Segment Start: Available data
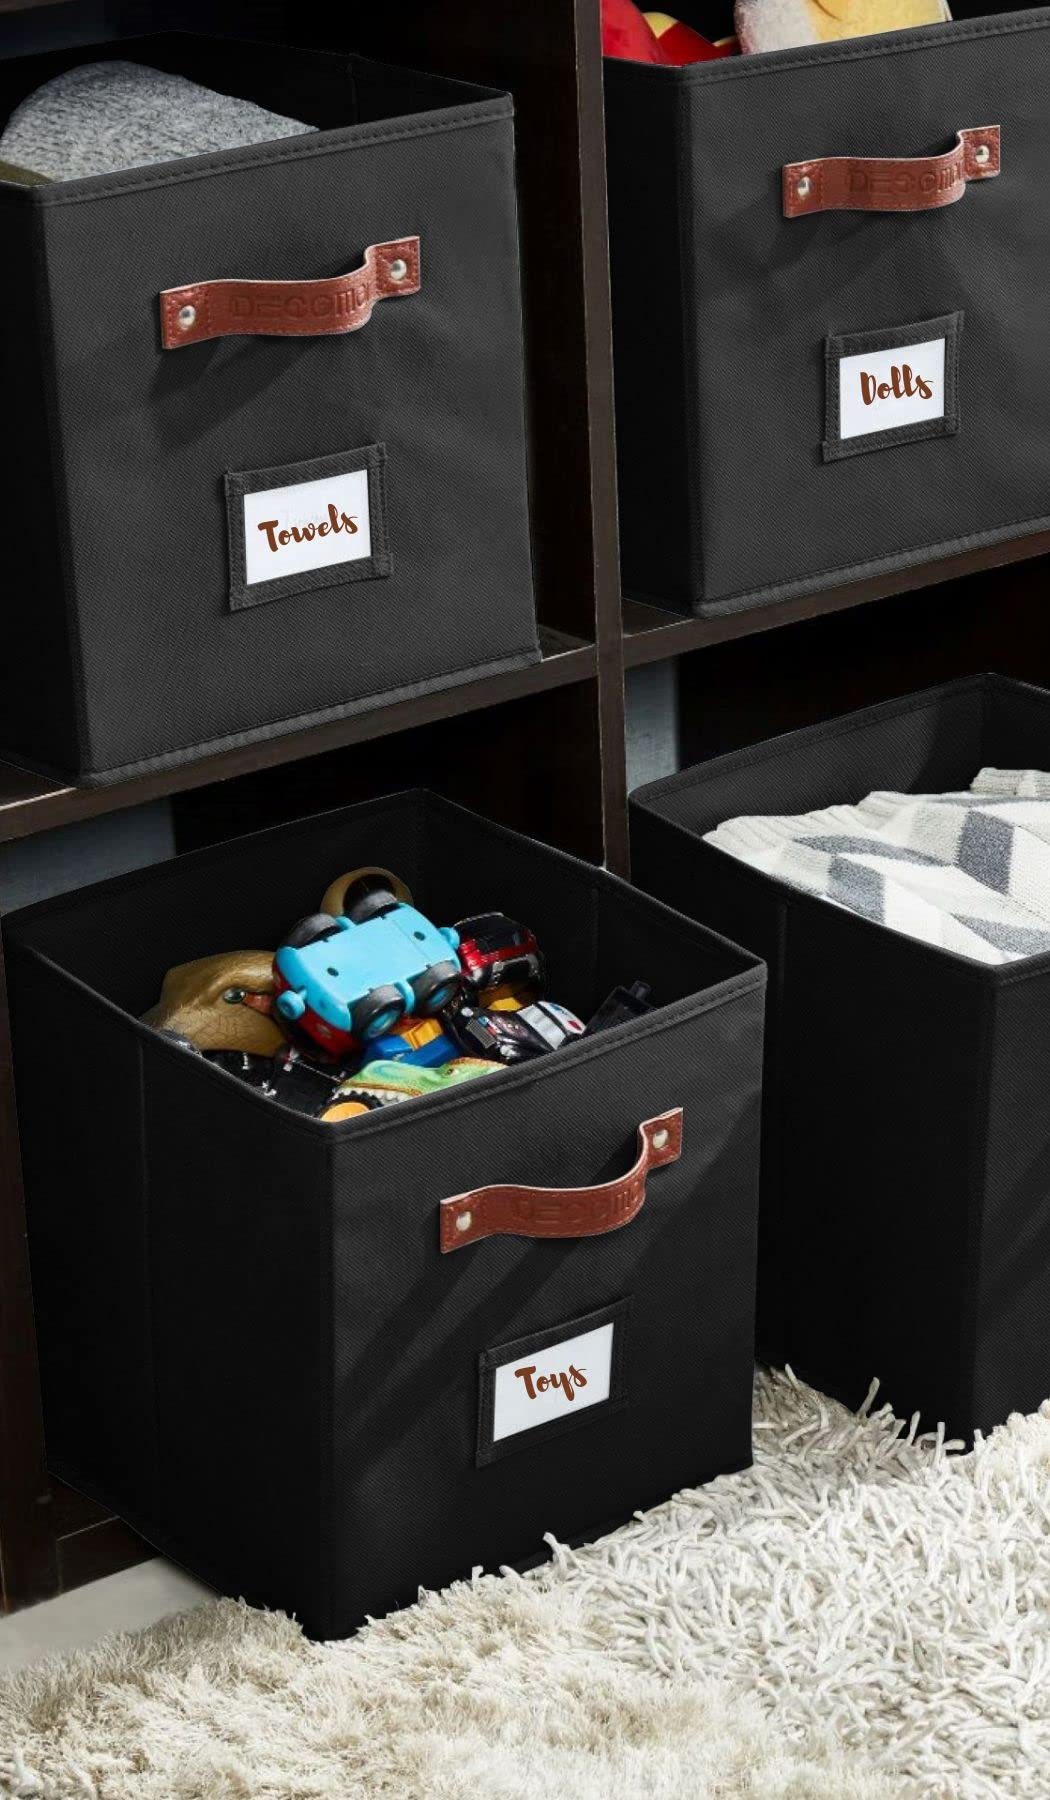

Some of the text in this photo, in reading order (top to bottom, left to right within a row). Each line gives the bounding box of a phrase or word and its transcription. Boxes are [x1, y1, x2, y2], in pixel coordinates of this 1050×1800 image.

[860, 364, 934, 405] Dolls
[257, 503, 358, 552] Towels
[514, 1365, 588, 1401] Toys
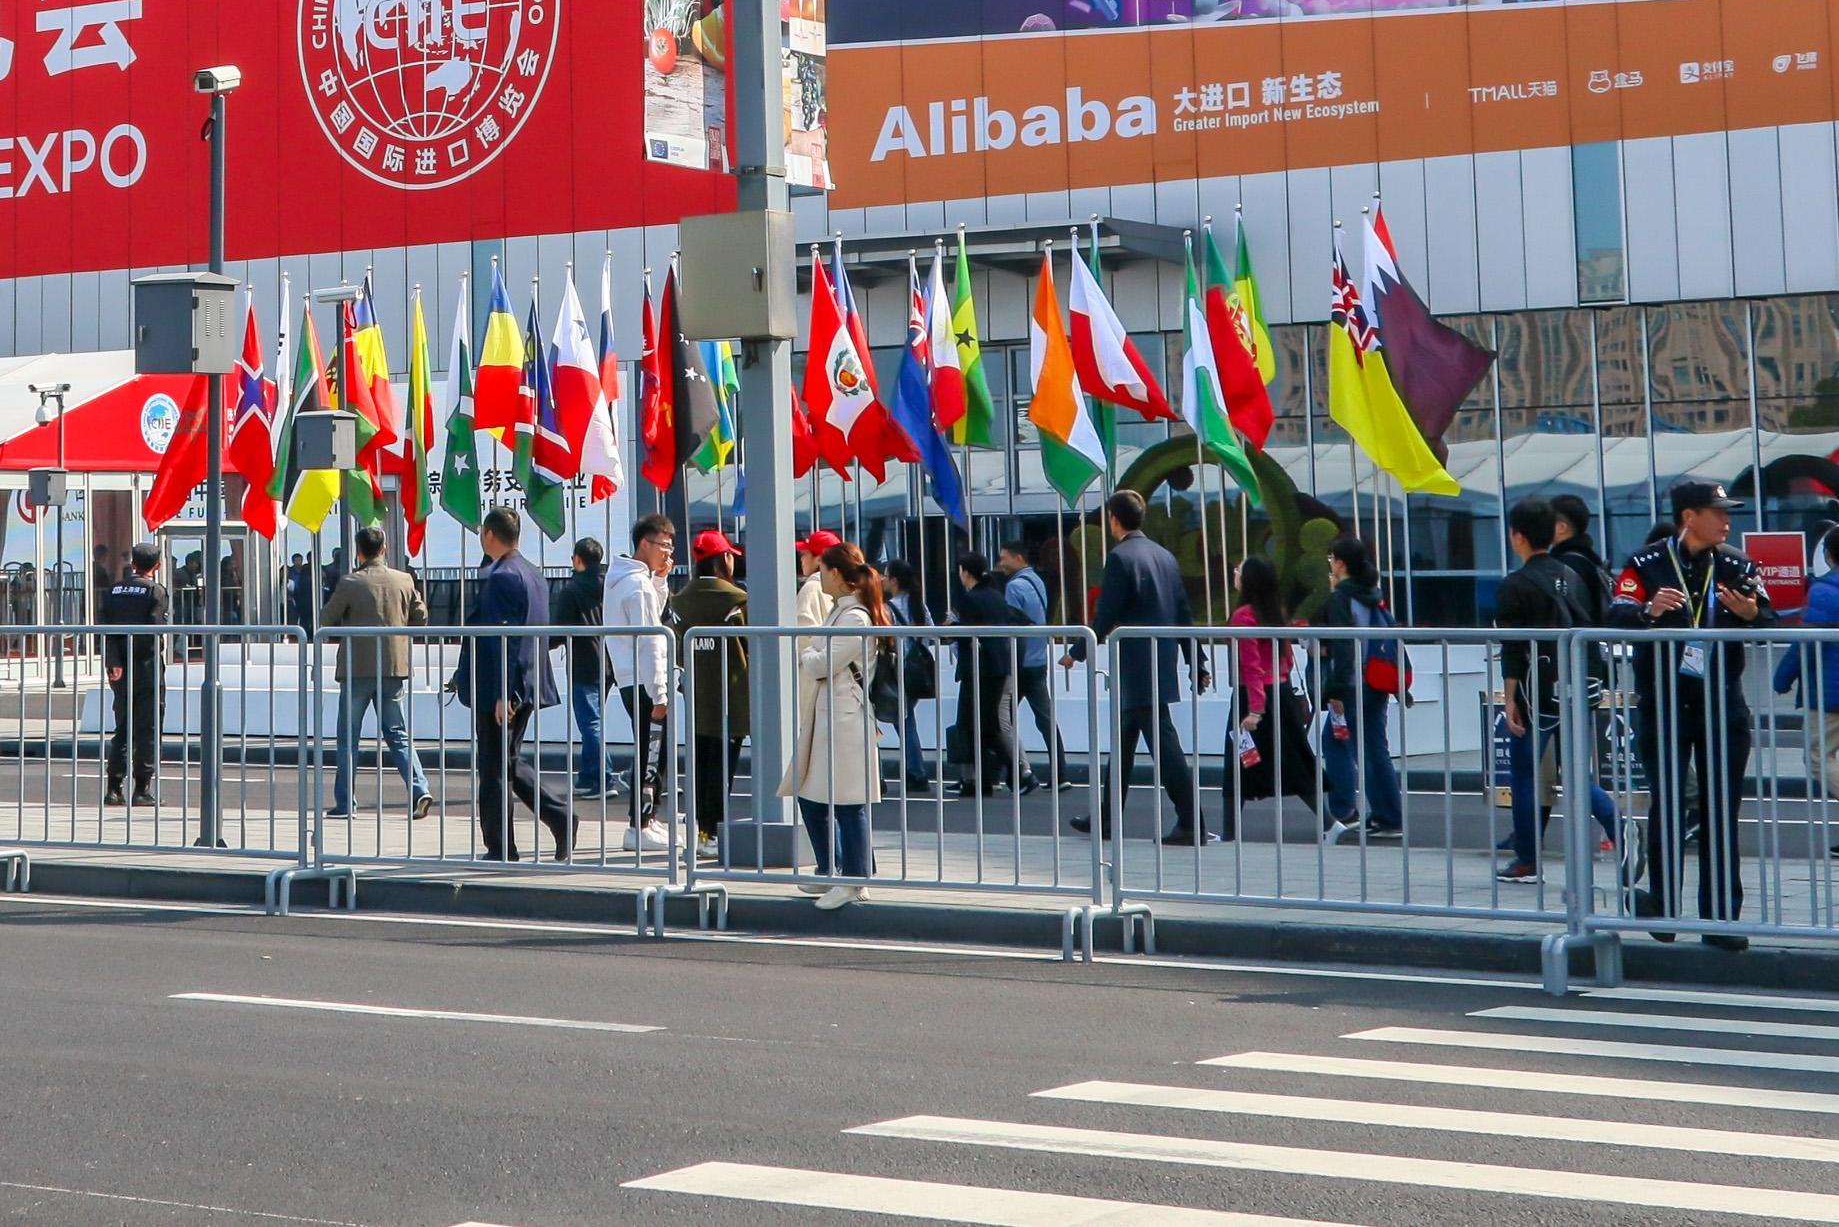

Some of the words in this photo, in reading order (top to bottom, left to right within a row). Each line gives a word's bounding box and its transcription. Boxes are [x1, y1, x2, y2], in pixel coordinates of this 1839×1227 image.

[1173, 81, 1251, 116] 大进口
[1261, 70, 1344, 107] 新生态
[869, 86, 1158, 162] Alibaba
[1173, 115, 1221, 133] Greater
[1225, 110, 1270, 129] Import
[1273, 107, 1303, 123] New
[1306, 100, 1380, 120] Ecosystem
Segment End: Available data
Exercise objective | From the records given above, reproduce all text exactly and exclude each picture.

Response to the task |
Some of the text in this photo, in reading order (top to bottom, left to right within a row). Each line gives the bounding box of a phrase or word and its transcription. Boxes are [x1, y1, x2, y2], in pixel coordinates of this 1050×1800 image.

[860, 364, 934, 405] Dolls
[257, 503, 358, 552] Towels
[514, 1365, 588, 1401] Toys

Some of the words in this photo, in reading order (top to bottom, left to right within a row). Each line gives a word's bounding box and its transcription. Boxes are [x1, y1, x2, y2], in pixel coordinates of this 1839×1227 image.

[1173, 81, 1251, 116] 大进口
[1261, 70, 1344, 107] 新生态
[869, 86, 1158, 162] Alibaba
[1173, 115, 1221, 133] Greater
[1225, 110, 1270, 129] Import
[1273, 107, 1303, 123] New
[1306, 100, 1380, 120] Ecosystem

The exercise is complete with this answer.